§ Problem description
Set down each entry exactly as given; pictures should not appear in the copy.

Segment Open

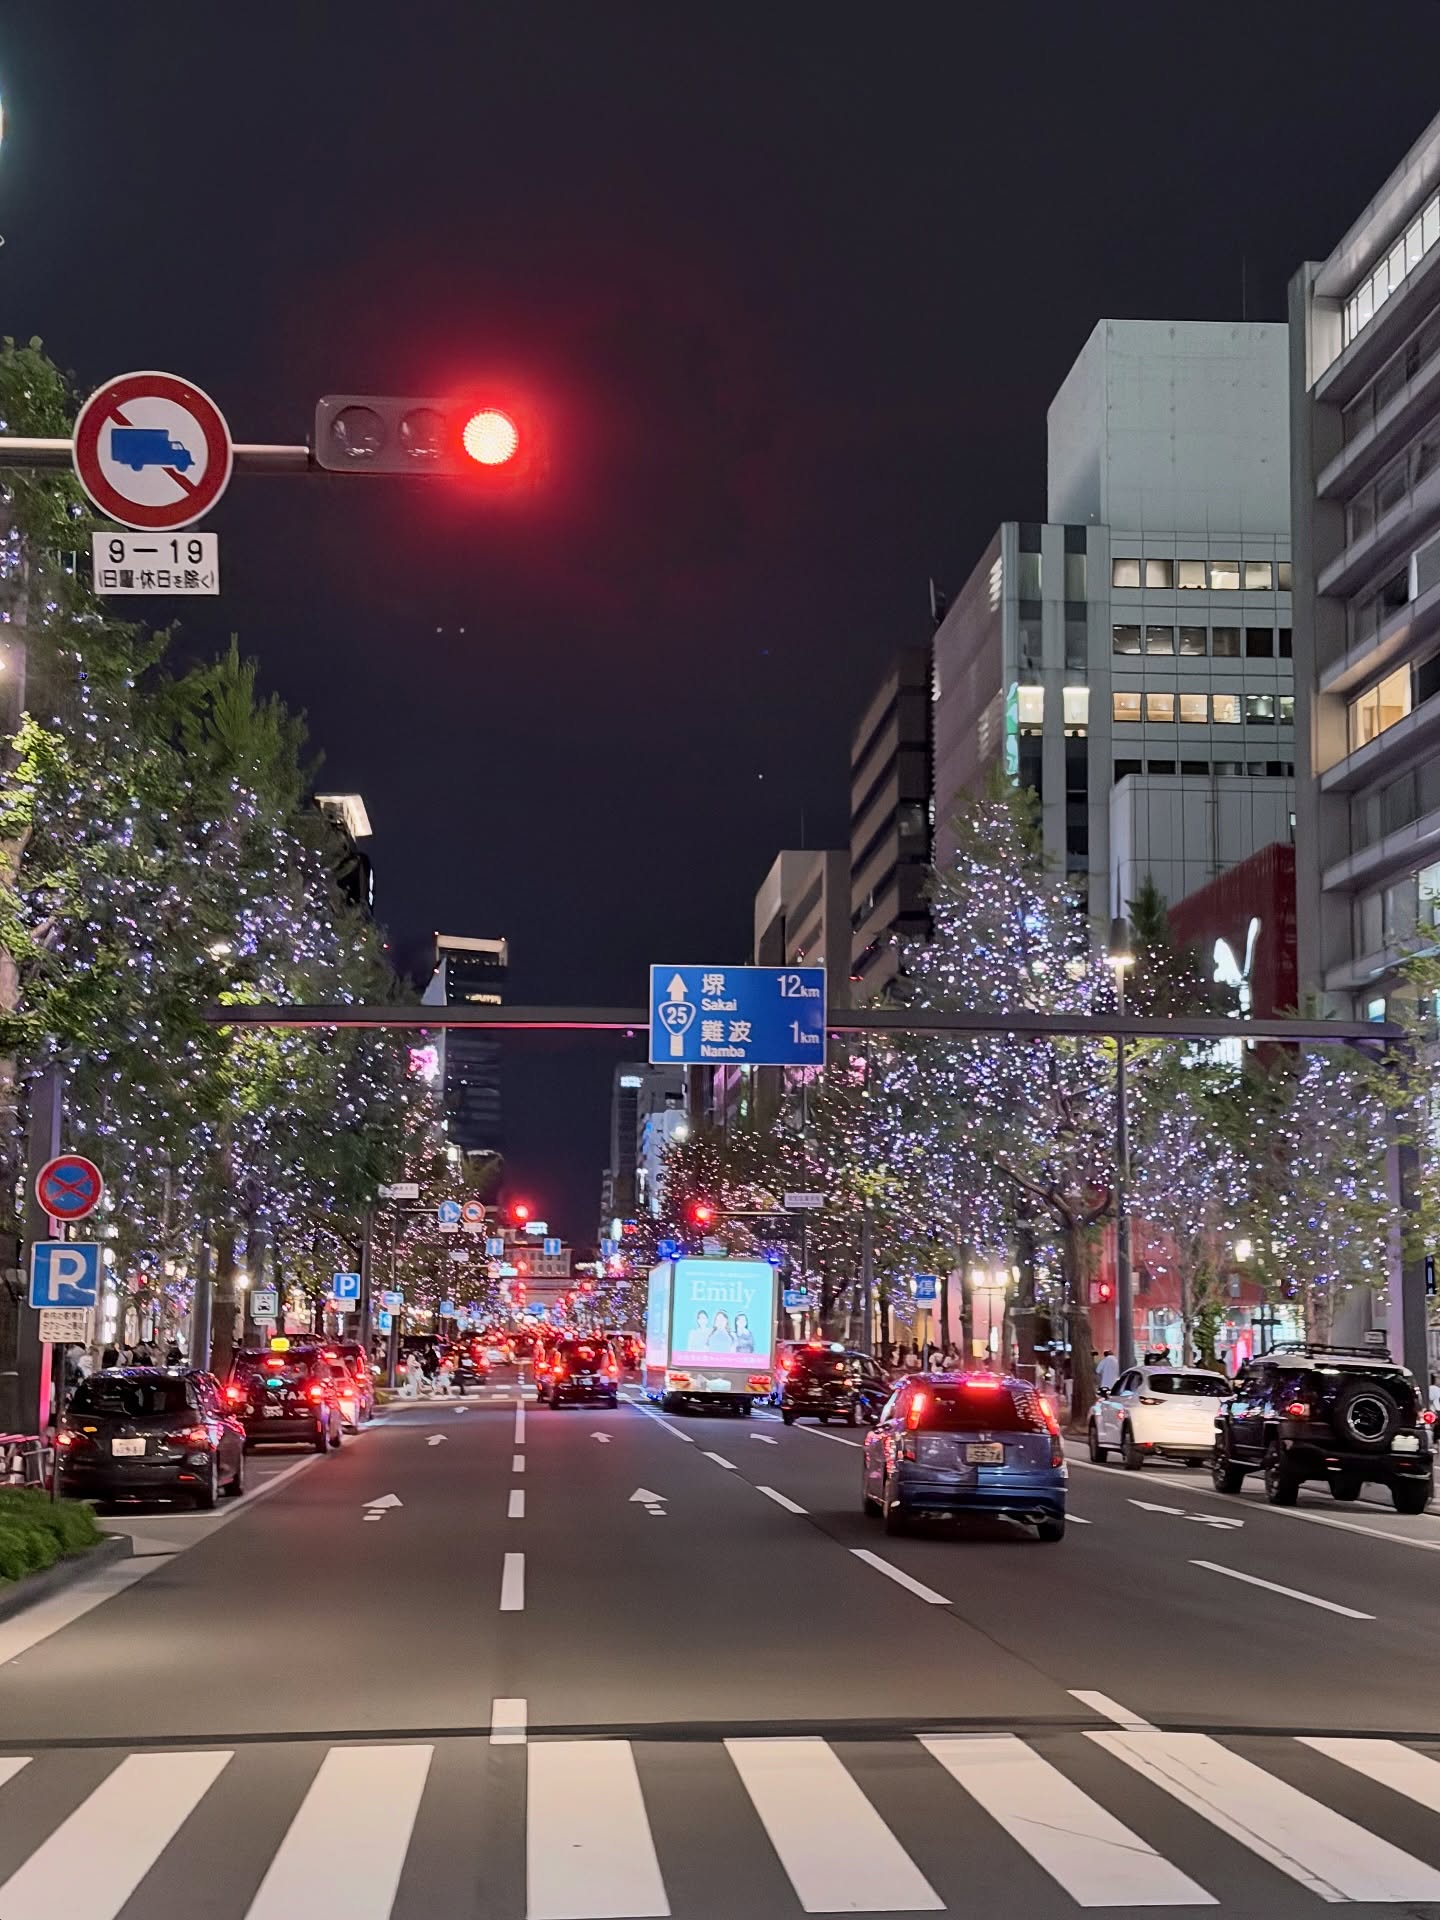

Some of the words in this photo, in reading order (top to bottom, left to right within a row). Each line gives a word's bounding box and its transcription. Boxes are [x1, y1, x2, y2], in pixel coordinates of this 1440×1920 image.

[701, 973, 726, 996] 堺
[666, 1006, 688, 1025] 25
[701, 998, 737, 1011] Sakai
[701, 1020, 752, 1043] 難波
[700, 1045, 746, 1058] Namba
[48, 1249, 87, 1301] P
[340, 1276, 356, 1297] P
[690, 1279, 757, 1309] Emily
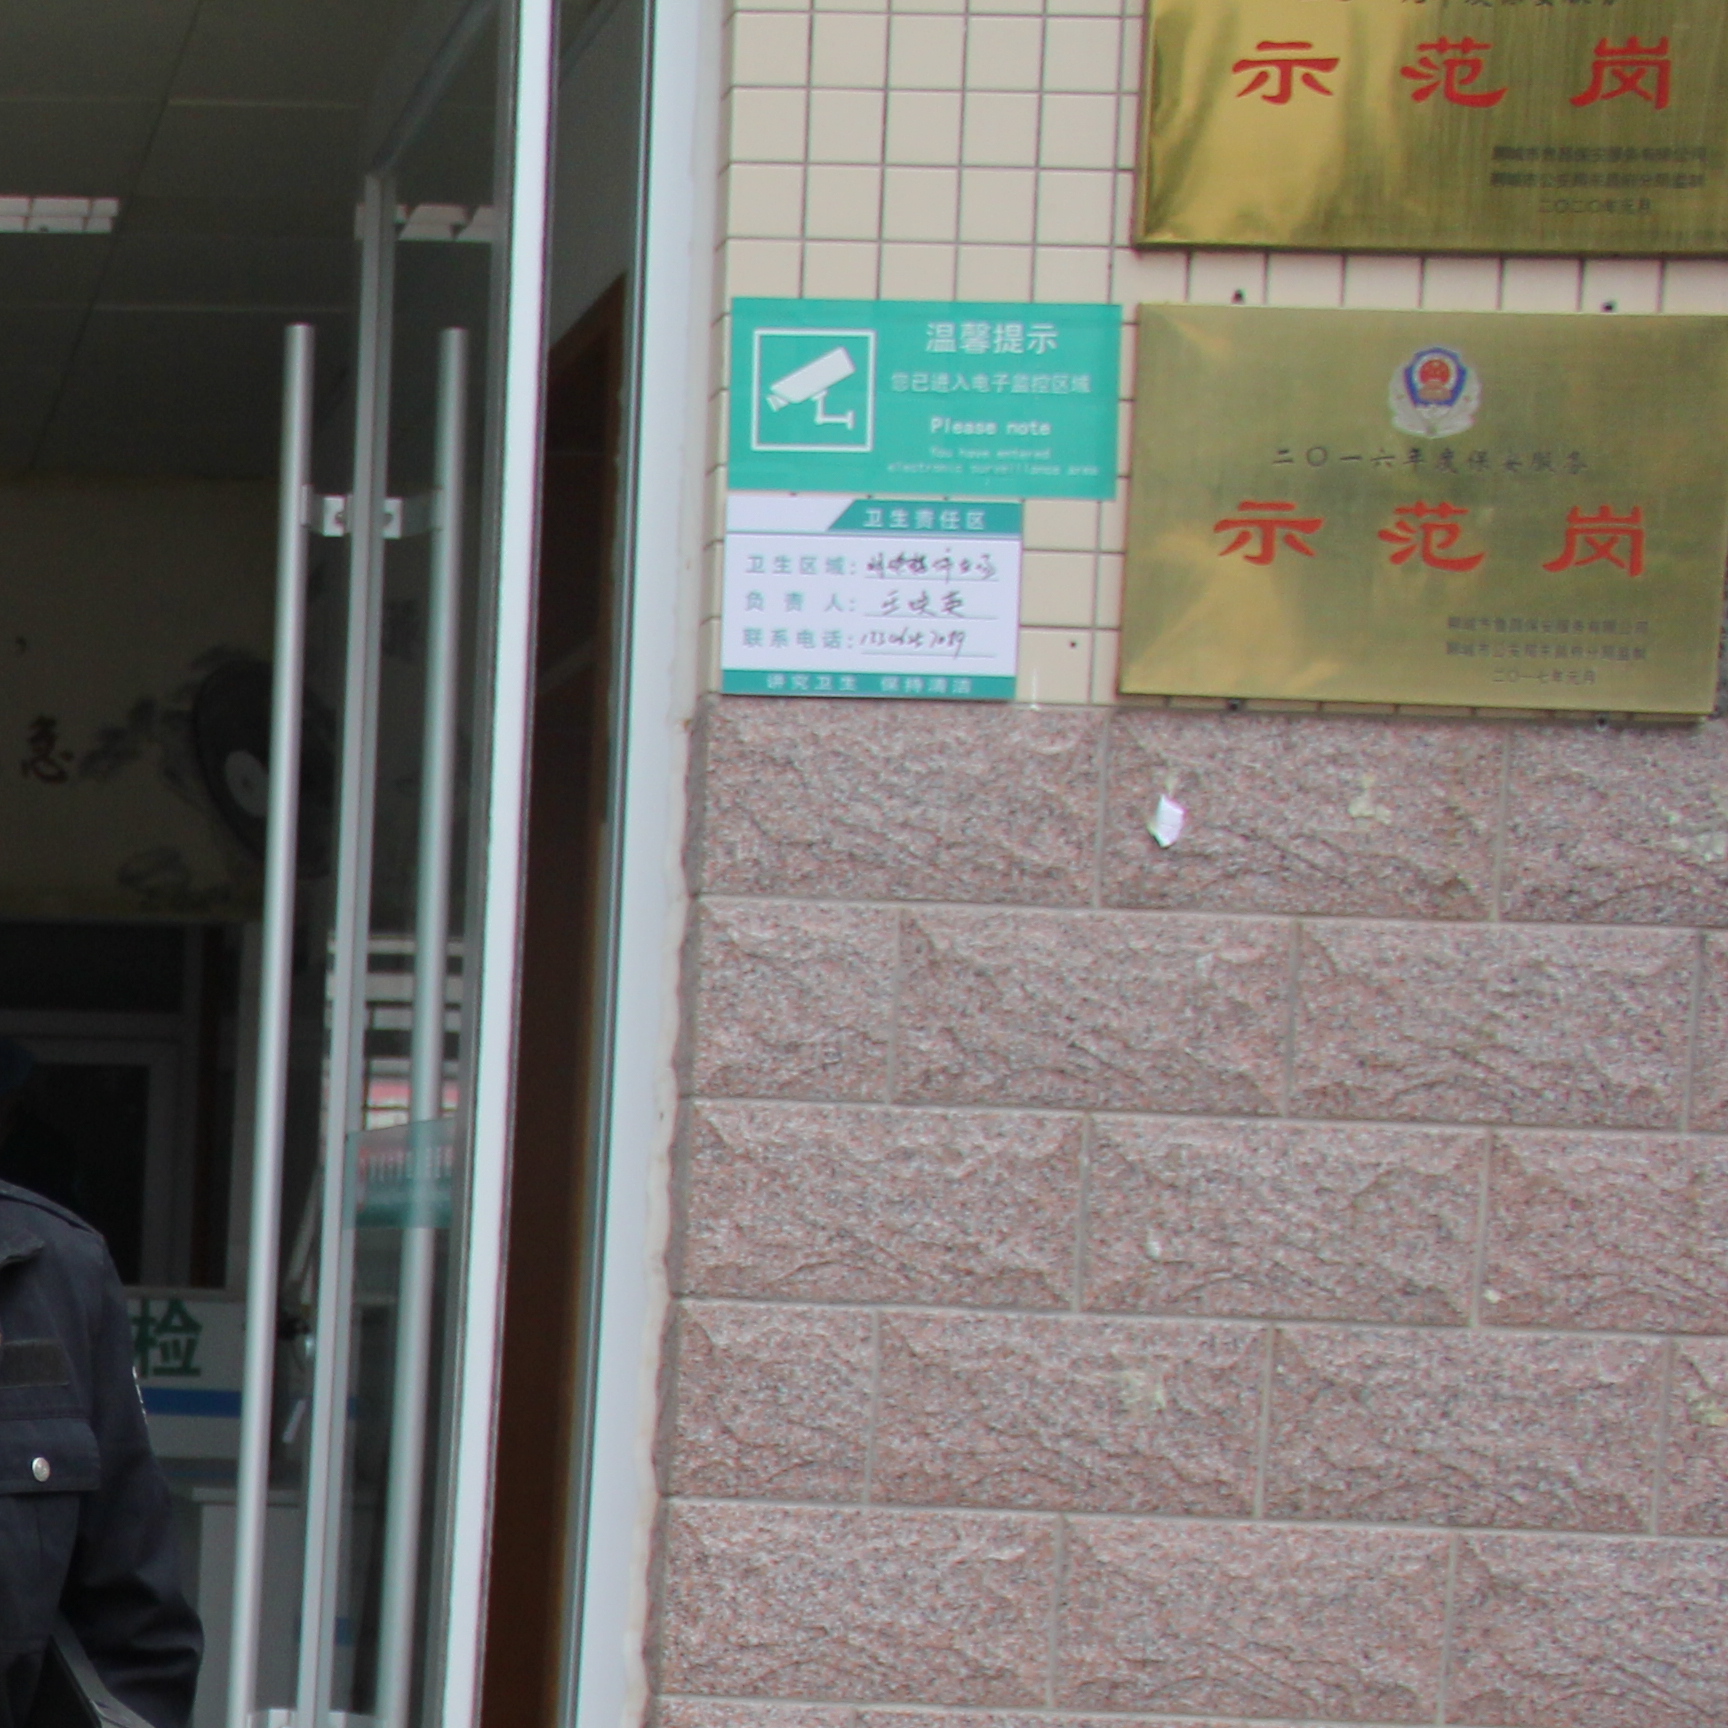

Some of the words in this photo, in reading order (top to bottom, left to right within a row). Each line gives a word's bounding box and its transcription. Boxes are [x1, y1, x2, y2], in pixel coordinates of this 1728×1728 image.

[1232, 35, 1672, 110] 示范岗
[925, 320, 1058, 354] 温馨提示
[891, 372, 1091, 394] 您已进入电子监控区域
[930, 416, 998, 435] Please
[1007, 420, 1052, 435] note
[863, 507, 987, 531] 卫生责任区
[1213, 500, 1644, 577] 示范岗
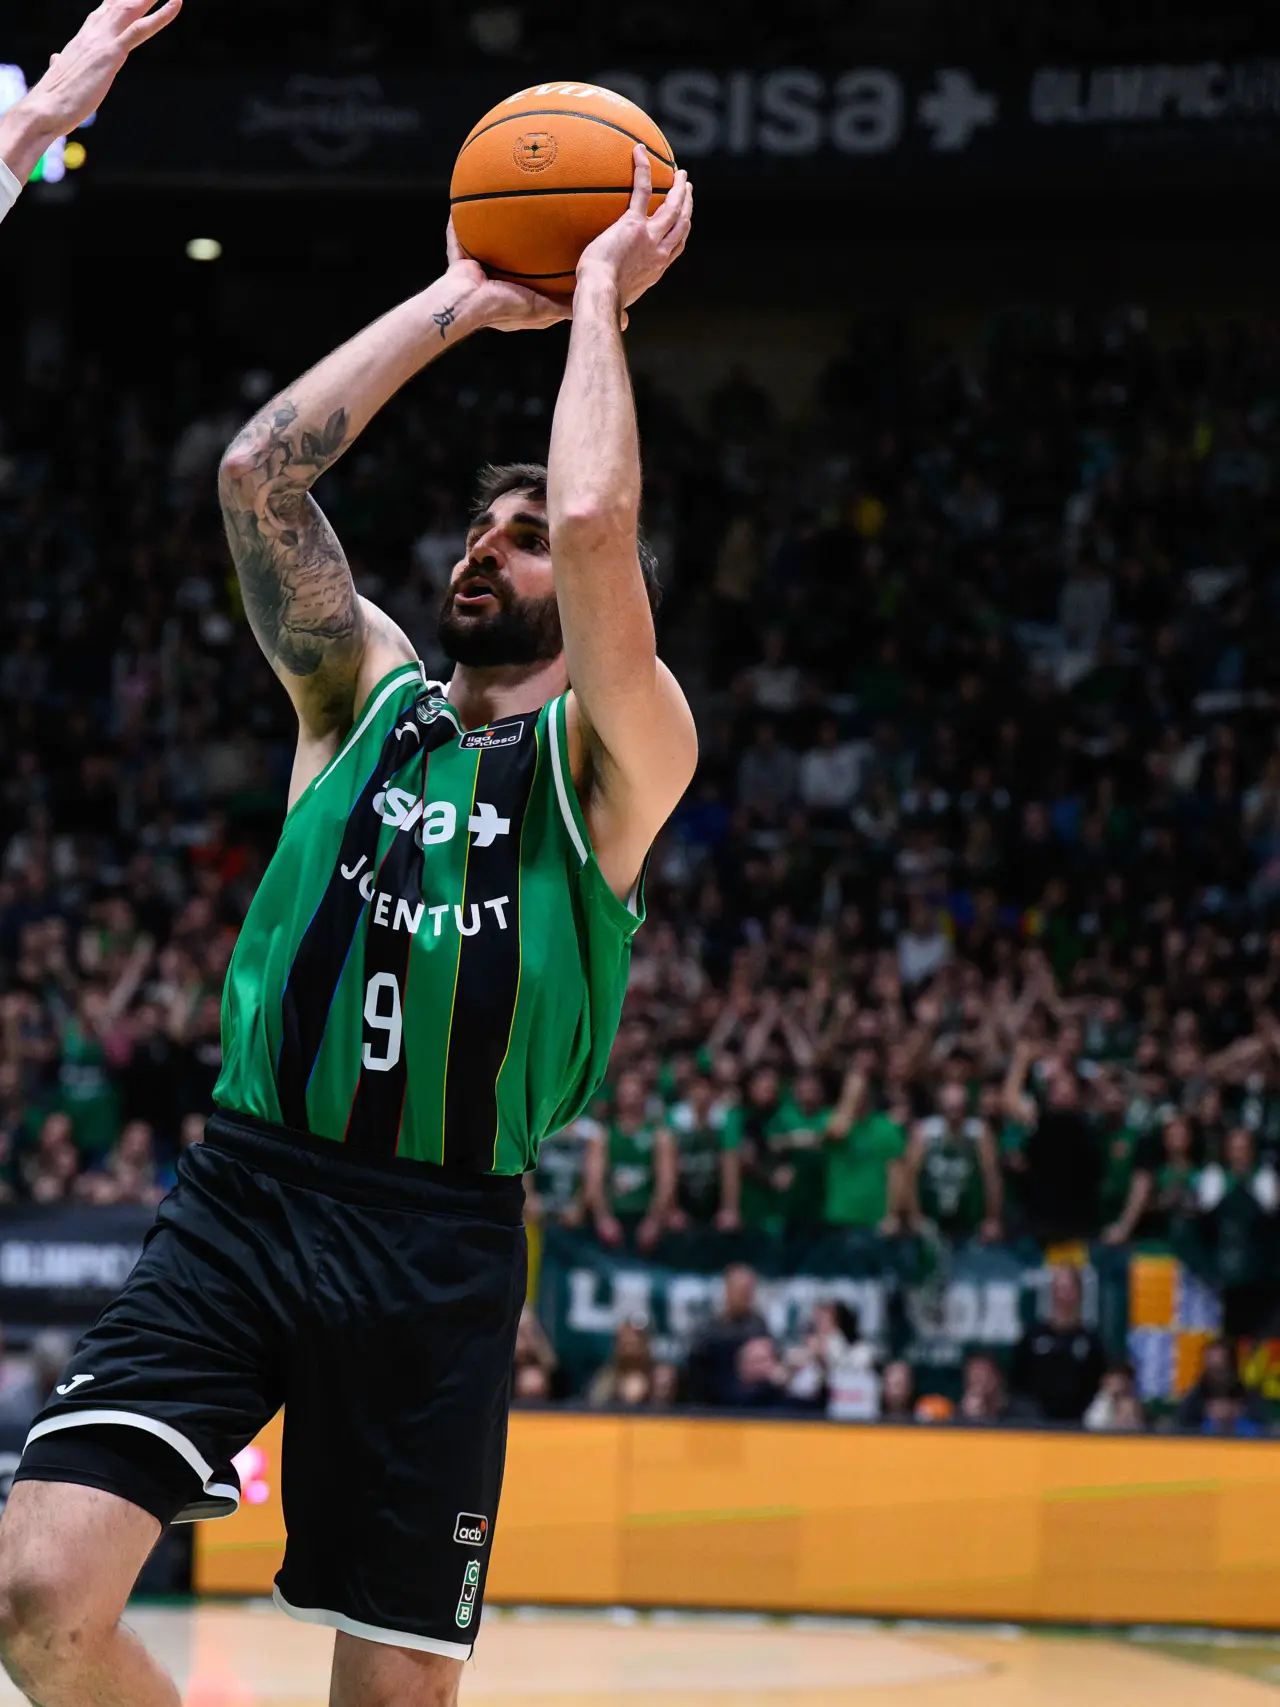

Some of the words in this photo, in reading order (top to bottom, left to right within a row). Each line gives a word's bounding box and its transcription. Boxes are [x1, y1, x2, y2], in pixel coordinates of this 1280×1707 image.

Segment Closed

§ Result for this exercise
Some of the words in this photo, in reading order (top to bottom, left to right within a row). Each line gives a word's bounding box and its transcription. Boxes are [x1, y1, x2, y2], in pixel coordinates of this 1440×1920 image.

[701, 973, 726, 996] 堺
[666, 1006, 688, 1025] 25
[701, 998, 737, 1011] Sakai
[701, 1020, 752, 1043] 難波
[700, 1045, 746, 1058] Namba
[48, 1249, 87, 1301] P
[340, 1276, 356, 1297] P
[690, 1279, 757, 1309] Emily

Some of the words in this photo, in reading order (top to bottom, left to right within a row). Each line gives a word's bounding box and its transcription. Boxes are [x1, y1, x2, y2], in pixel coordinates of this 1728×1728 image.

[1232, 35, 1672, 110] 示范岗
[925, 320, 1058, 354] 温馨提示
[891, 372, 1091, 394] 您已进入电子监控区域
[930, 416, 998, 435] Please
[1007, 420, 1052, 435] note
[863, 507, 987, 531] 卫生责任区
[1213, 500, 1644, 577] 示范岗

Some of the words in this photo, in reading order (top to bottom, left to right within a row). Each line gives a word's bounding box and its transcription. Boxes are [x1, y1, x2, y2], in pixel coordinates of this 1280×1707 image.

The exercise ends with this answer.